### [Work task]
In your copy of the entries, please include no pictures and return every word exactly.

==== Data for this exercise ====

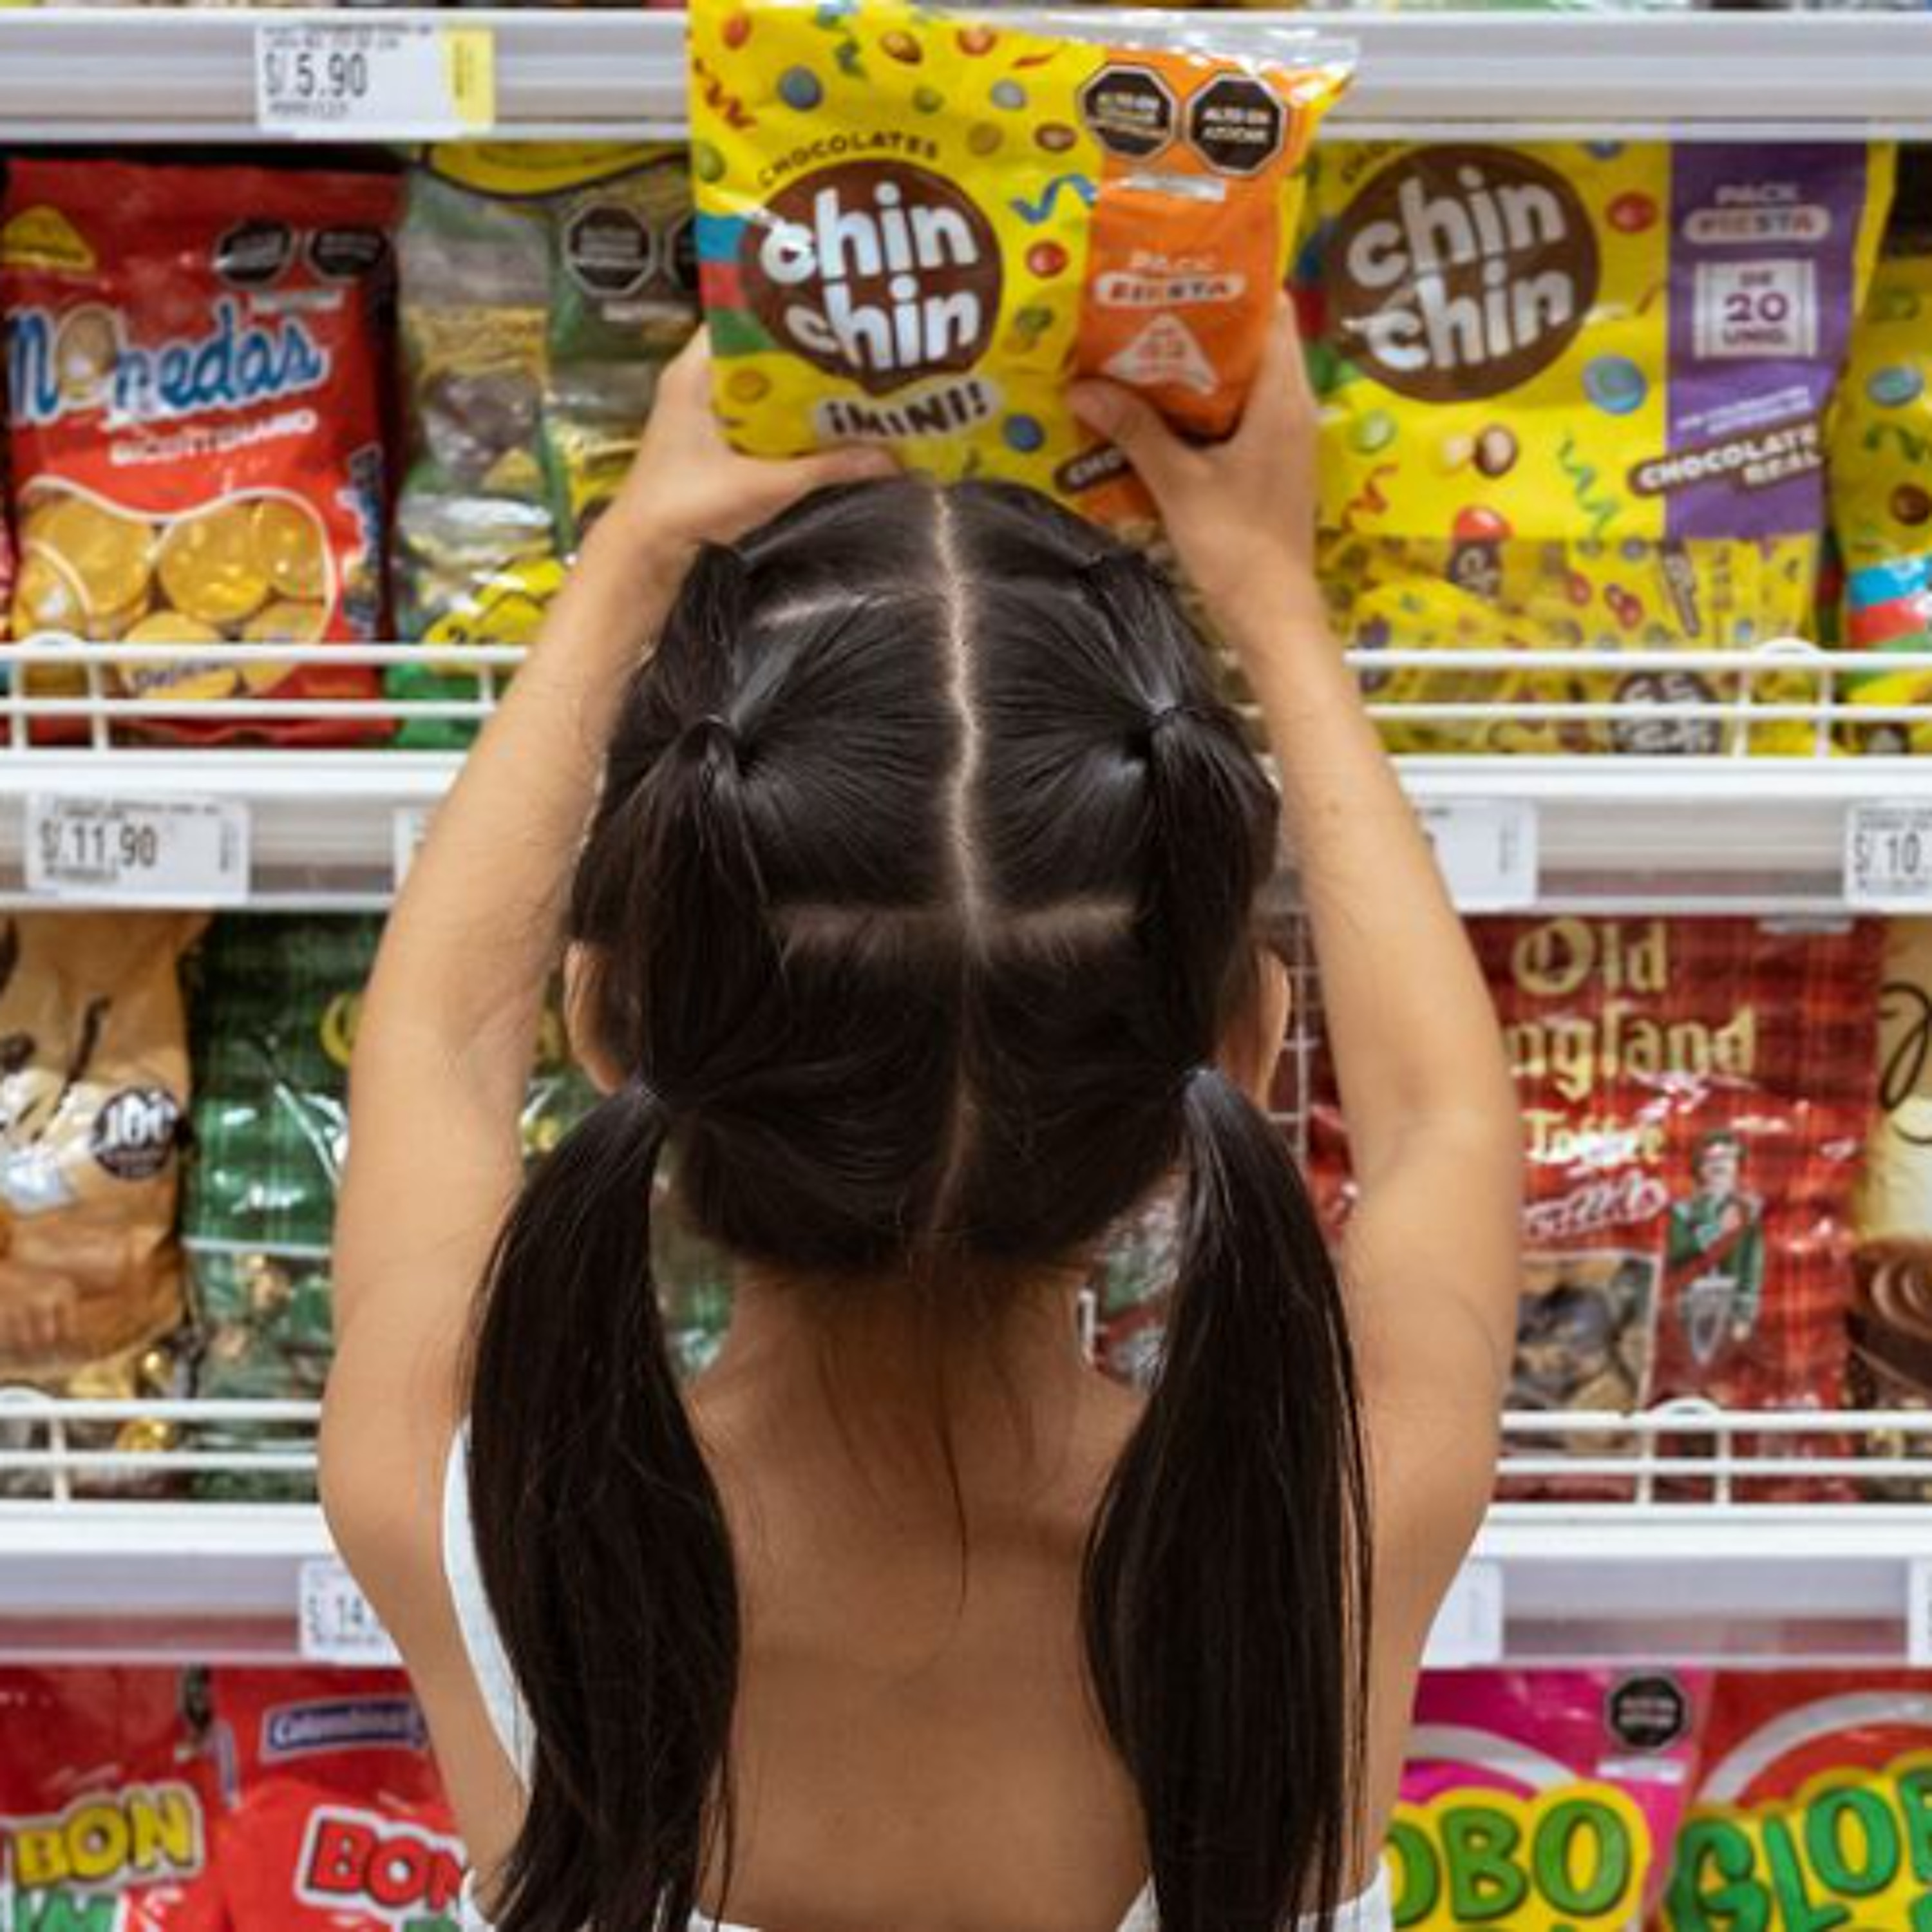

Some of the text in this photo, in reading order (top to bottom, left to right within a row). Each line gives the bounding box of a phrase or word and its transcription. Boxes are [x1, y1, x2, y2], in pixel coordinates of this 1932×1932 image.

[757, 131, 938, 187] CHOCOLATES
[759, 180, 979, 285] chin
[1346, 166, 1567, 289] chin
[1698, 217, 1816, 234] FIESTA
[785, 273, 980, 371] chin
[1364, 261, 1575, 372] chin
[1723, 293, 1789, 321] 20
[1638, 422, 1818, 488] CHOCOLATE
[1743, 451, 1822, 484] REAL
[1513, 916, 1668, 995] Old
[14, 1785, 196, 1887] BON

====

### [Reply]
Some of the text in this photo, in reading order (top to bottom, left to right within a row). Each line gives the bounding box of a phrase or word and its transcription. Boxes are [x1, y1, x2, y2], in pixel coordinates of this 1932×1932 image.

[757, 131, 938, 187] CHOCOLATES
[759, 180, 979, 285] chin
[1346, 166, 1567, 289] chin
[1698, 217, 1816, 234] FIESTA
[785, 273, 980, 371] chin
[1364, 261, 1575, 372] chin
[1723, 293, 1789, 321] 20
[1638, 422, 1818, 488] CHOCOLATE
[1743, 451, 1822, 484] REAL
[1513, 916, 1668, 995] Old
[14, 1785, 196, 1887] BON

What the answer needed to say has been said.